The Weathered trig point on Thorpe Fell Top

The greatest pleasures in life are free. It’s not a particularly profound observation, but we sometimes forget. Life closes over us and we think we have to buy our way to pleasure, to satisfaction, or even just to make ourselves feel a little better. We all know this doesn’t work. What does work, is a simple walk, preferably up a hill. After a walk up a hill, no matter what life is nagging us with, we return relaxed, magnanimous, philosophical. It’s like a reset button, a thing that reliably blows away all the wormy gremlins.

Of late I’ve been seeking my hills in the Yorkshire Dales, an area unique in character and, to my mind, not as spoiled by rampant tourism, as the neighbouring Lake District. Unlike the Lakes, in the Dales we still find towns and villages that are home to a mostly indigenous population, where the trinket shops are few, and the holiday homes and b+b’s do not yet outnumber the genuine residences. Here, I find every visit yields yet another discovery, another unexpected hamlet with village green, duck-pond and homely teashop.

My most recent discovery, on this bright, frosty winter’s morning is Linton. Linton fits into the geography of Wharfedale, being just a stone’s throw from Burnsall, Hebden and Grassington. I’ve been driving up and down the Wharfe for years and not suspected Linton’s existence at all, and was drawn to it eventually simply as the starting point for this walk up Thorpe Fell. I had to check the map, and there it was.

I don’t know the stories of place here as well as I should, but this lends a touch of mystery to the land, and a void into which imagination tumbles with all the enthusiasm of the Romantic poet. I am prone to a certain mysticism in the empty places. There are many parts of the Dales, particularly what I still think of as the old West Riding, that have something of the big-house estate about them, something almost Feudal. This area is dominated by the vast Bolton Abbey Estate, and not well served with rights of way across its siren tops – we woolly hatted ones I imagine being discouraged, pre “Countryside and Rights of Way Act”, but we are now free to explore – just don’t expect many waymarked paths while you’re at it.

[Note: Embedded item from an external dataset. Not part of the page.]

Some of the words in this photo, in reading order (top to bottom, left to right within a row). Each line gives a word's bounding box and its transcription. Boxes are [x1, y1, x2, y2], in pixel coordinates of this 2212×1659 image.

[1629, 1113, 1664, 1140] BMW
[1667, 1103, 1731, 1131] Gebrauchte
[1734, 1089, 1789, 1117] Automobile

Thorpe Fell is one of the most stunning heather moors I’ve seen. This morning the heather is dusted with frost and presents us with rather an eerie, windswept yet curiously beguiling wilderness. I can imagine September here will be ablaze with purple, and promise myself I will return to see it.

From Linton, we make our way by meadow and country lane to Thorpe Village, from where a track begins the ascent of the moor, petering out by degrees until one is all but relying on a sixth sense. There is a feeling of isolation, of loneliness which makes all the more surprising the presence of rather a fine tea-hut on the moor’s windy edge. It isn’t marked on my edition of the Ordnance Survey map. The hut looks cosy, but is locked up tight and shuttered against intruders – I presume being solely for the use of the sons of gentlemen when they come up in their tweeds and knickerbockers to shoot grouse. But there is also rather a fine, open, grass roofed barn nearby, also not marked on the map, and in which I take brief shelter while enjoying lunch.

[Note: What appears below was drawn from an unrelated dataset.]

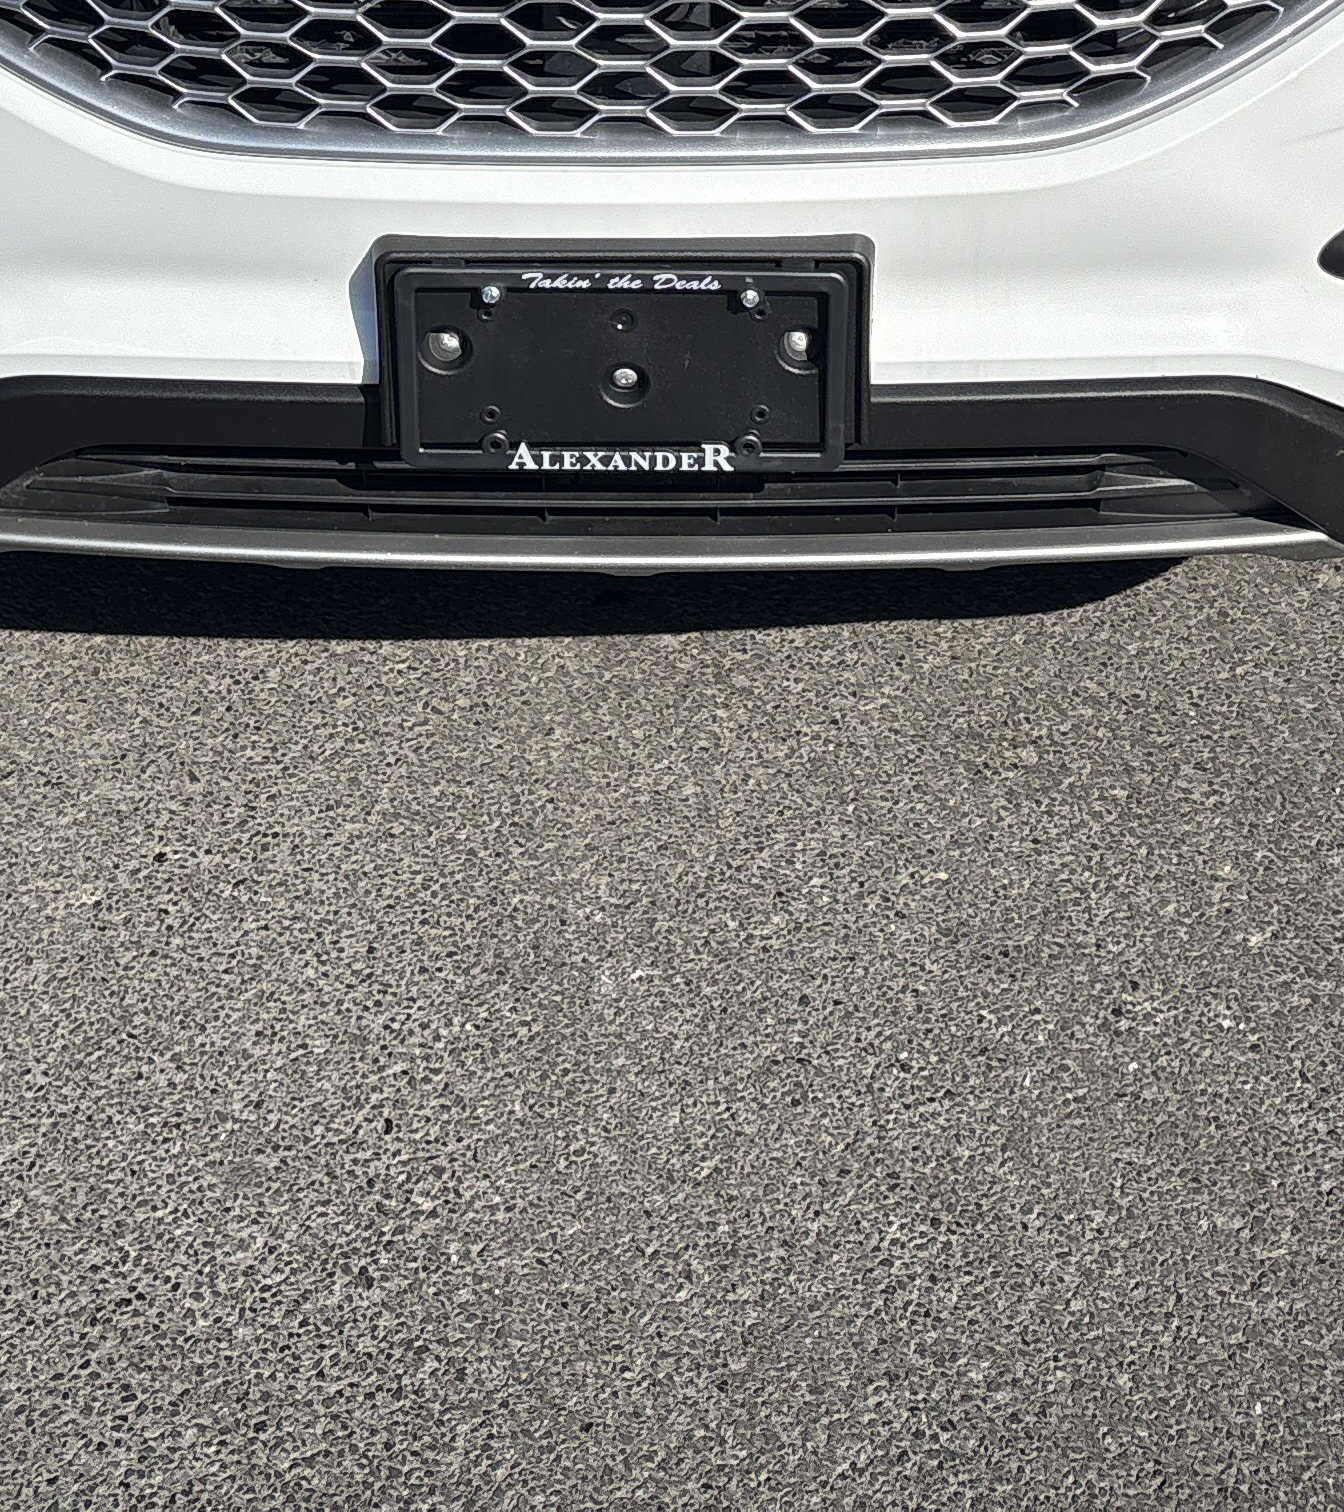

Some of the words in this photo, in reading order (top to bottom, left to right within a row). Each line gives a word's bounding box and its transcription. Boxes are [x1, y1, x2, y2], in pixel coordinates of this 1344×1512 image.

There is an indistinct summit to Thorpe Fell, complete with weathered trig-point, but it is not served by any path – the only path hereabouts veering off from the tea hut roughly north west, avoiding the summit which lies to the south west. The land, however, is open access, unless the gentlemen are shooting of course, and today they are not, so we are free to make a stab at its general direction. It’s a quarter mile or so of raw moor-bashing, the heather thick and springy with just the occasional weathered outcrop to provide a firmer going.

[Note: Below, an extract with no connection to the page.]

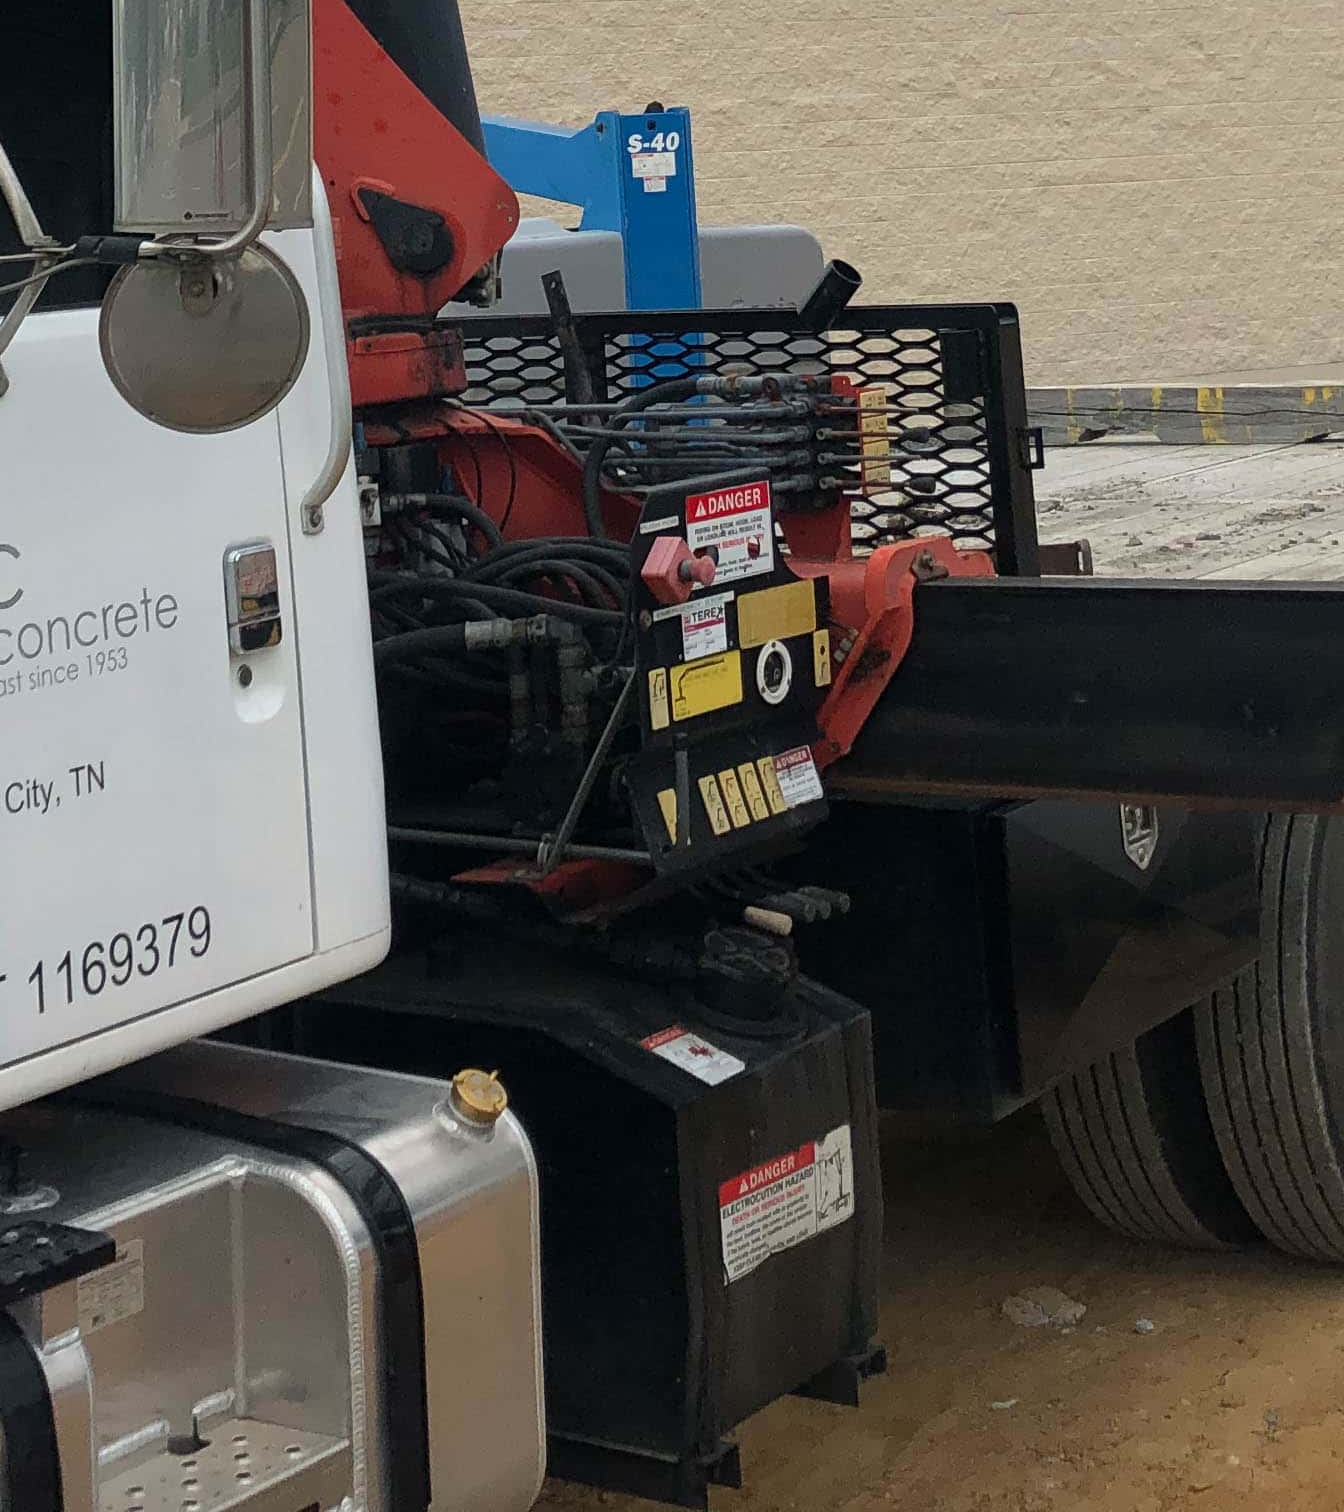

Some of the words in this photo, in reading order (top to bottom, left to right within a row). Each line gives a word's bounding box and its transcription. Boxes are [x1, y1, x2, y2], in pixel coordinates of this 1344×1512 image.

From the crumbling trig point (506 metres) the views are simply stunning. It’s also possible to see the next objective, the memorial on Cracoe Fell a little to the west of south west. It’s best to head due west from here though, rather than make a bee line, otherwise peat hags and the upper reaches of Yethersgill make for a laborious approach. Instead, due west, we pick up the line of a wall, and beside it a confident path leads us more easily to the memorial.

The memorial, a huge cairn, sitting atop a fine outcrop, adds height and drama to the fell – it bears a plaque marking the years 1914-1919, and the names of the fallen. This is the point at which we begin our descent, first to the village of Cracoe, then back through the meadows to Linton. But there is no direct route to Cracoe from the top, as I discovered in the attempting of it. I was thinking to head north west, a trackless bee-line towards an enticing bit of track that runs up from Cracoe to a weather station, but this leads quickly to bog, and for me rather a cold dip as one foot broke through the crust into something altogether less pleasant below. So, it’s better to back track a little from the memorial, back along the wall we have just come along, to where a gate gives access westwards. Either way we’re aiming for the Fell Lane track, which takes us to Cracoe, and the meadow paths home to Linton.

We’ve been walking for 5 hours now, the light beginning to leak away as we cross the various stiles and lush, frost dusted meadows. My feet always seem to know when I’m on the last mile, whether the walk is a couple of miles or ten, and they start to complain. But it’s a pleasant complaint, anticipating the eventual loosening of laces, and the body’s repose after a day in the field. Darkness is coming on, the temperature plummeting as we return to the car, and my boots begin to steam when I pull them off.

I’m always different after a walk. I’d left home that morning labouring under a cloud, my vehicle potentially stuffed at four years old with a major transmission problem . I’d been duped by the dealer I bought it from, was feeling fobbed off and badly served, facing now the prospect of a search for another vehicle and all the hazards that entails (dodgy dealers included – even the big glossy ones), or a very expensive repair. Ah,… cars eh?

Either way were looking at a serious hit in the wallet at a time of year when one can ill afford it. To be sure, it had felt like the end of the world as I’d dragged my bones from bed that morning, and mustered my walking gear, so much so I nearly didn’t bother setting off. But as I poured out my coffee in the Cracoe Cafe that evening, I could not have cared less.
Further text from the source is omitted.